2ClO– (aq) + 2H+ (aq) + 2I– (aq) → Cl2 (aq) + H2O (I) + I2 (aq)
Zinc cations react with water to form zinc hydroxide, which is insoluble in water.
Zn2+ (aq) + H2O → (l) Zn(OH)2 (s)
The addition of acetic acid dissolved the clumps formed leading to the formation of the dark-purple-violet solution, which resembles iodine solution.
Zn(OH)2 (aq) + 2CH3-CO2H (aq) → Zn2+ (aq) + 2H2O (l) + 2CH3– CO2– (aq)
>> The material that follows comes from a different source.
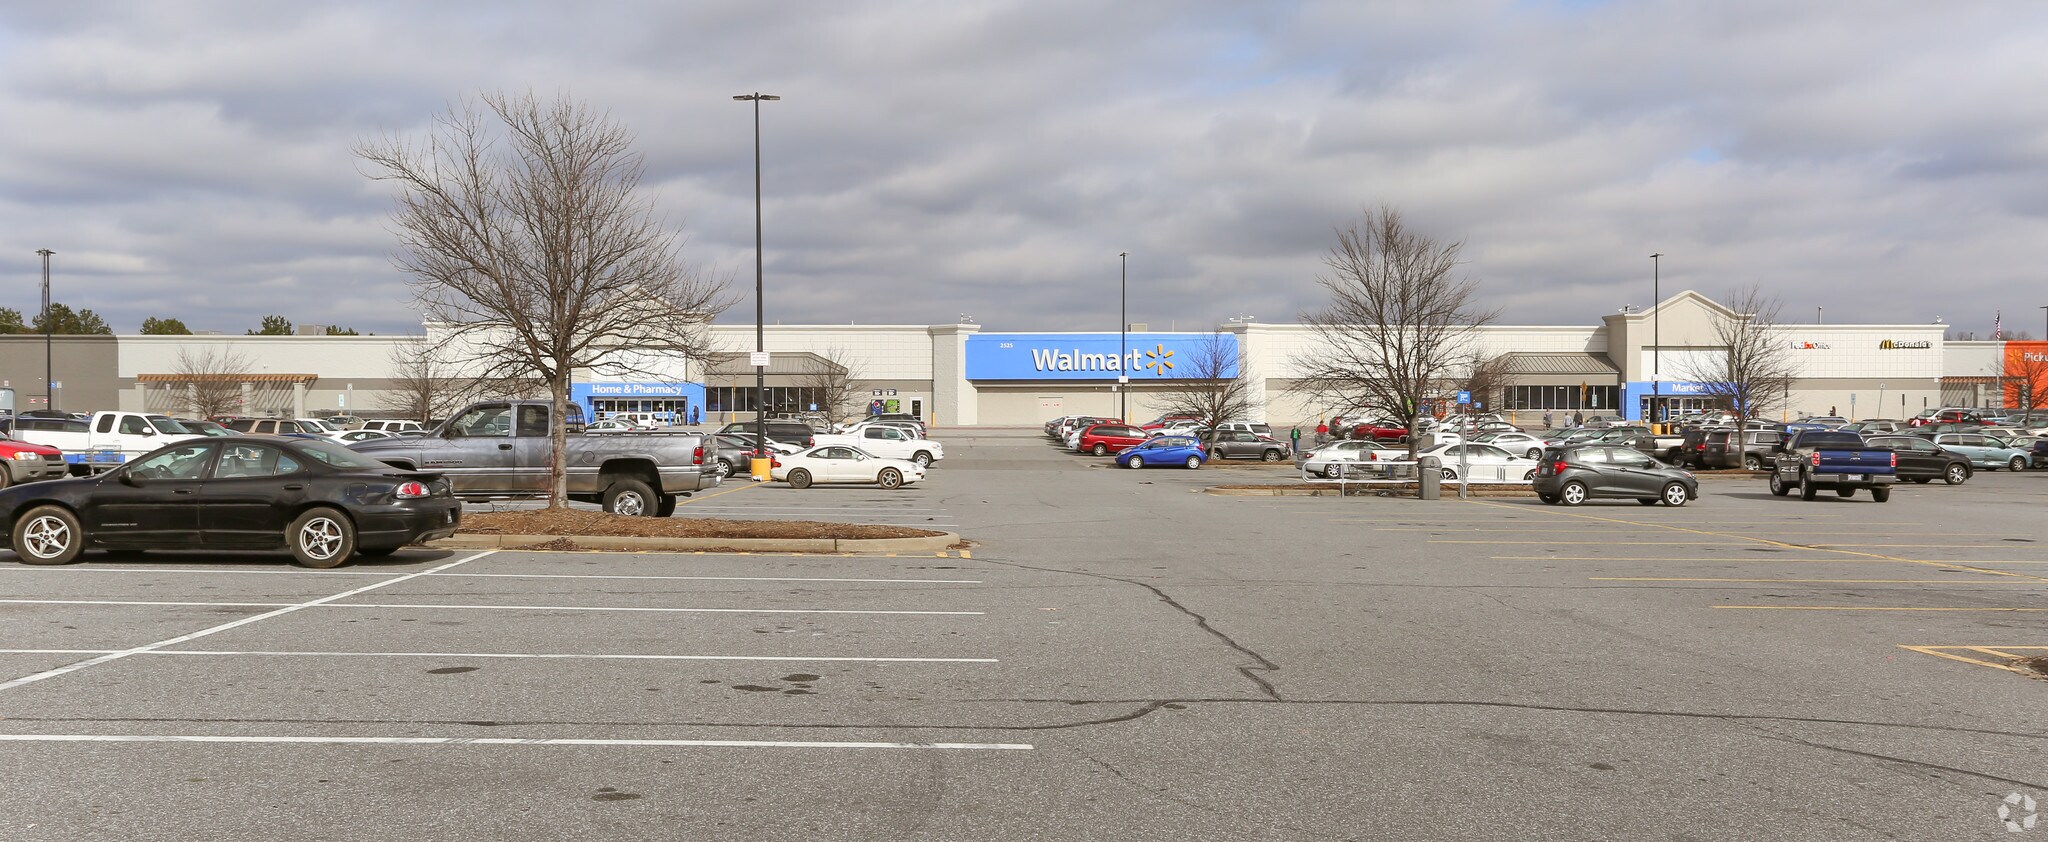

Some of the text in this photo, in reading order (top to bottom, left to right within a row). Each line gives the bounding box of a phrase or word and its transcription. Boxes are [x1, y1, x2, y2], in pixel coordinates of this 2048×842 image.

[1032, 348, 1141, 372] Walmart
[592, 384, 682, 396] Home & Pharmacy
[1672, 383, 1704, 392] Market
Overall, the above chemical equations illustrate the reduction of iodine by zinc and the oxidation of iodide anion by hypochlorite anion.
Significance of Findings
The findings of the experiment are significant because they illustrate how electrons transfer from one substance to another during chemical reactions. The results reinforce the concepts of electronegativity, electropositivity, reduction, and oxidation. Zinc is electropositive because it easily loses its two valence electrons while iodine is electronegative because it easily gains an electron. Essentially, zinc loses a reducing agent because it donates two electrons to iodine hence reducing its net positive charge while iodine is an oxidizing agent because it gains electrons from zinc hence increasing its net positive charge (Joule & Mills, 2009). The experimental errors that might have negatively influenced the findings are the amounts of iodine solution, hypochlorite solution, and acetic acid.
References
Joule, A., & Mills, K. (2009). Heterocyclic chemistry. Hoboken: John Wiley & Sons.
Kaiho, T. (2015). Iodine chemistry and applications. New York: John Wiley & Sons.
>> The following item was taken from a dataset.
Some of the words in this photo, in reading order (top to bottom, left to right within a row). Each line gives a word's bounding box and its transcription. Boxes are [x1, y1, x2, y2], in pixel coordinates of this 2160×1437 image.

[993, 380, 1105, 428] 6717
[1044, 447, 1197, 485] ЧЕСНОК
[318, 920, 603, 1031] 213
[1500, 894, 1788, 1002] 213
Rosa, A., Alvarez-Parrilla, E., & González-Aguilar, A. (2009). Fruit and vegetable phytochemicals: Chemistry, nutritional value, and stability. Iowa: Wiley-Blackwell.
Snyder, C. (2007). The Extraordinary Chemistry of Ordinary Things (4th ed.). New York: John Wiley & Sons.
Sarker, S., & Nahar, L. (2013). Chemistry for pharmacy students: General, organic, and natural product chemistry. New York: John Wiley & Sons.